Rip at the Chronicle

Veteran L.A. newsman Rip Rense describes his visit to the San Francisco Chronicle, which, let’s be clear, is probably weirder than most newspapers because it’s in San Francisco.

Speaking of dark rooms, there were no more darkrooms. Right—no soup, no photographic paper, no clothespins on wires, no red lights, no chemical odors, no percussion of big camera lenses bouncing off photogs’ belts as they come back from assignment. Know what a newspaper photo department looks like nowadays, folks? Here’s a hint: it looks a whole lot like. . .every other part of the newspaper. You guessed it: desks and computers and silent people staring into them, their fingers going clickety clickety. The photogs and photo editors do everything digitally, on-screen. No more developing film, printing pics, cropping pics, physically carrying them to news editors, putting them in library “morgues.”


Obsolete as restraint.


I’m sorry, but when I think of newspapers, I just can’t make the Chronicle—or, to be fair, any other newsroom of a big-city paper—fit the word. Newspapers aren’t dim—they’re bright! Flash-bulb bright! That’s why the copy editors on the rim wore green eyeshades. (Of course, rims—curved copy desks—are long gone, too, replaced by the ubiquitous cubicle-cum-computer.) Low lights and quiet are a recipe for calm, and if there is one thing a newsroom should never be, it’s calm. Hell, get a couple of candles and a waiter, and the Chron would be a nice place to take a date.

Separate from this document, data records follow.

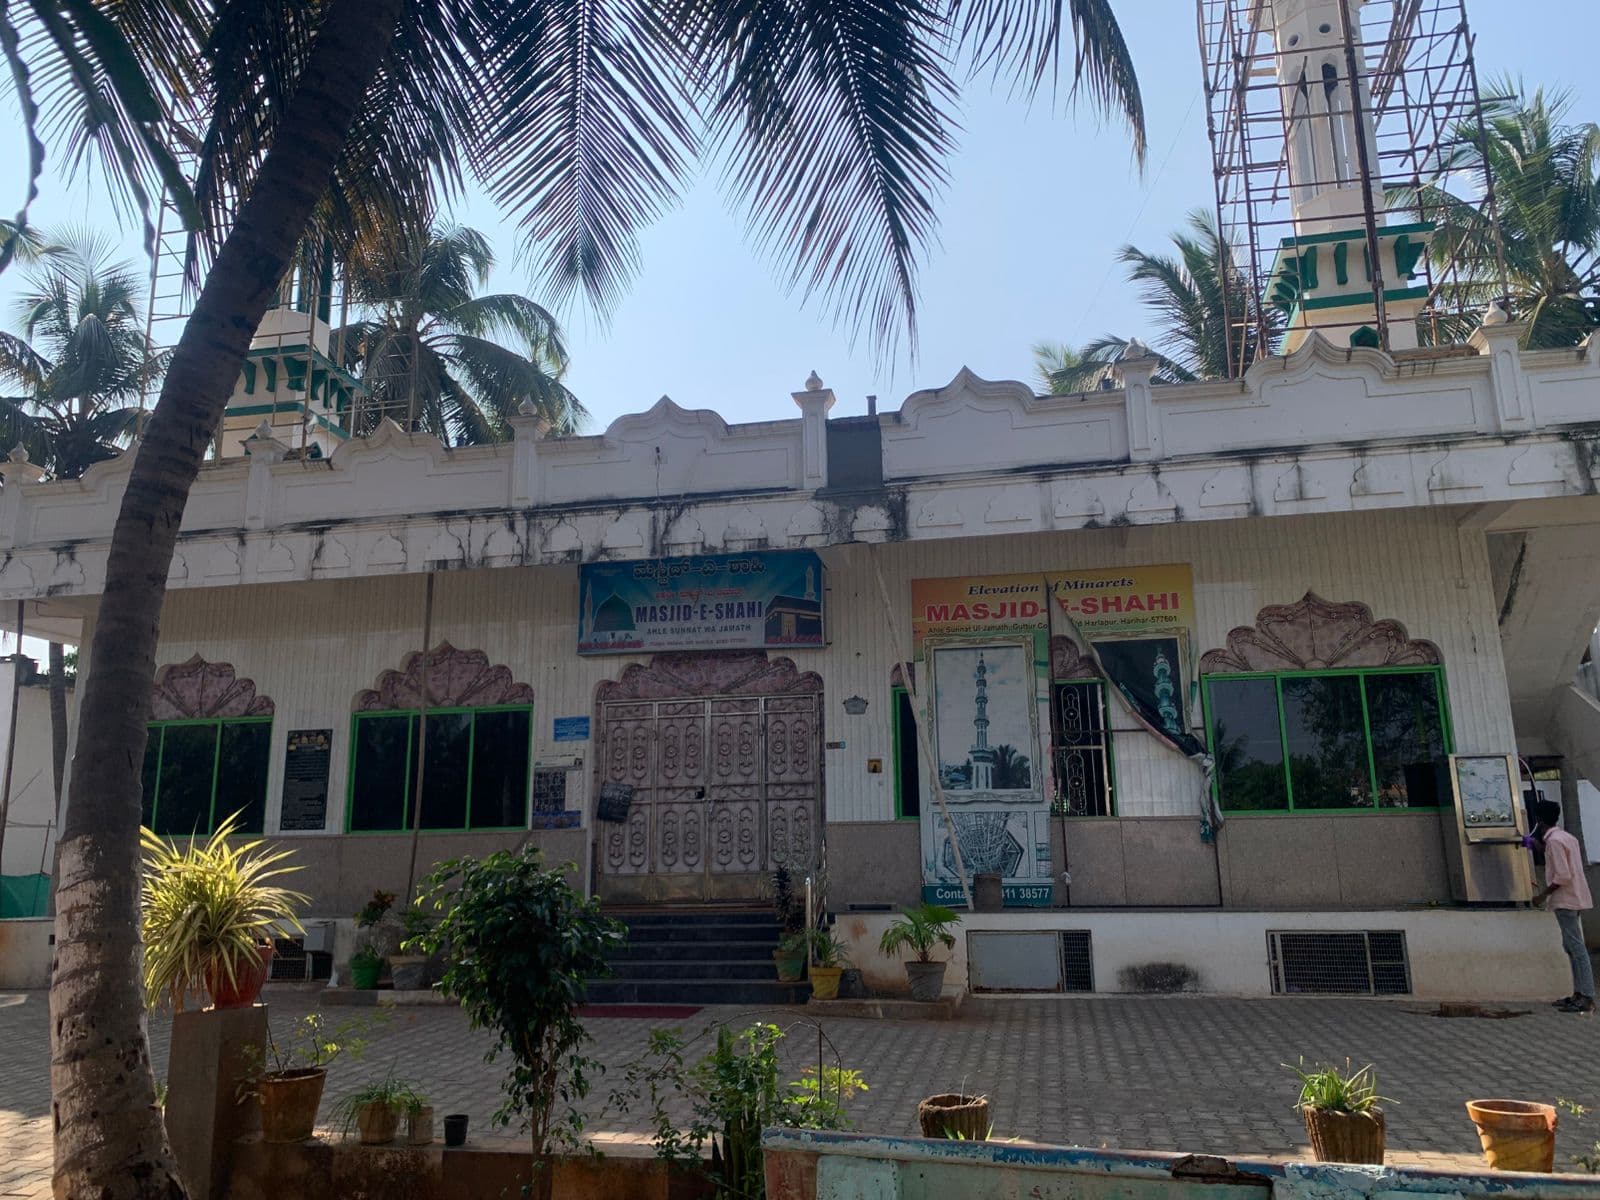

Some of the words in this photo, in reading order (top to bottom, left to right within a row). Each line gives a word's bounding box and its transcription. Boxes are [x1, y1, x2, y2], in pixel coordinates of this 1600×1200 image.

[968, 583, 1039, 596] Elevation
[1063, 577, 1134, 591] Minarets
[635, 601, 762, 623] MASJID-E-SHAHI
[1002, 888, 1015, 899] 11
[1019, 887, 1049, 899] 38577
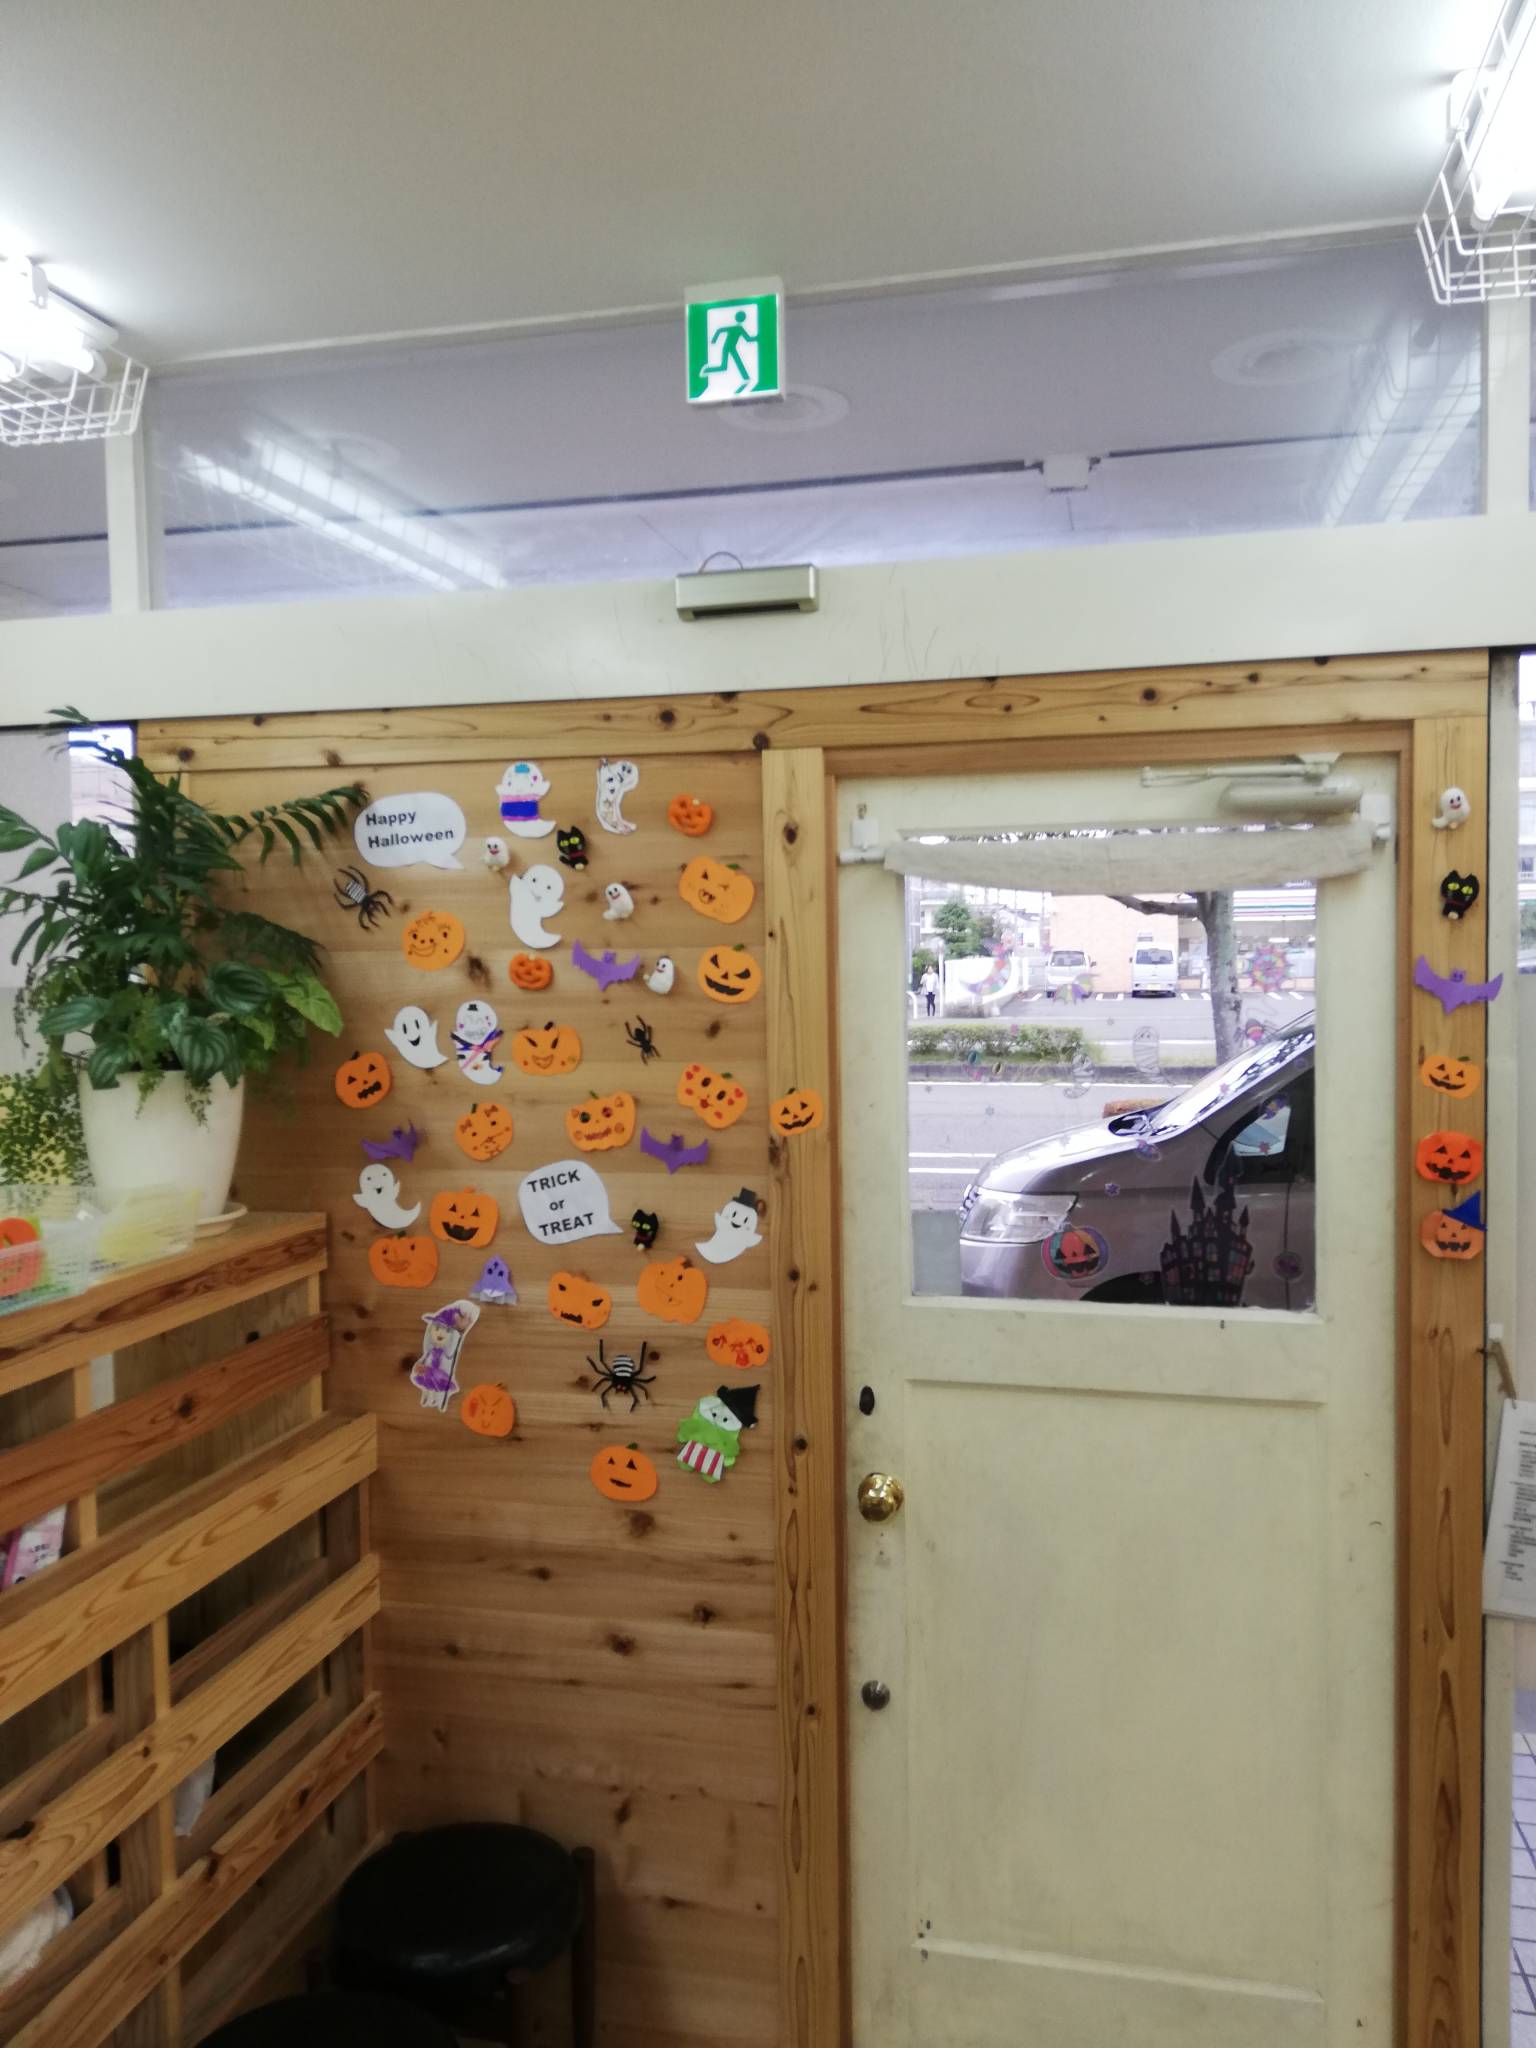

No, newspapers are loud, rip-roaring (pardon the expression), raucous, chaotic, tumultuous, nutso collisions of humanity and idea! They are places where information runs head-on into heart and mind, and gets all twisted up in ink and paper and headlines and deadlines. They’re frenzied, messy rooms where you tear your hair out, or just lose it naturally. They’re homes to ulcer and tantrum, wit and prank, romance and divorce, good conversation and bad office politics. They’re salons, where sports guys talk to news guys (or gals), where editors yack with copyboys (or gals), where story ideas come from wisecracks about the morning headlines, and. . .


None of this can happen in places tyrannized by desks, cubicles, calm, and computer screens. At least, not nearly enough of it, I’ll wager.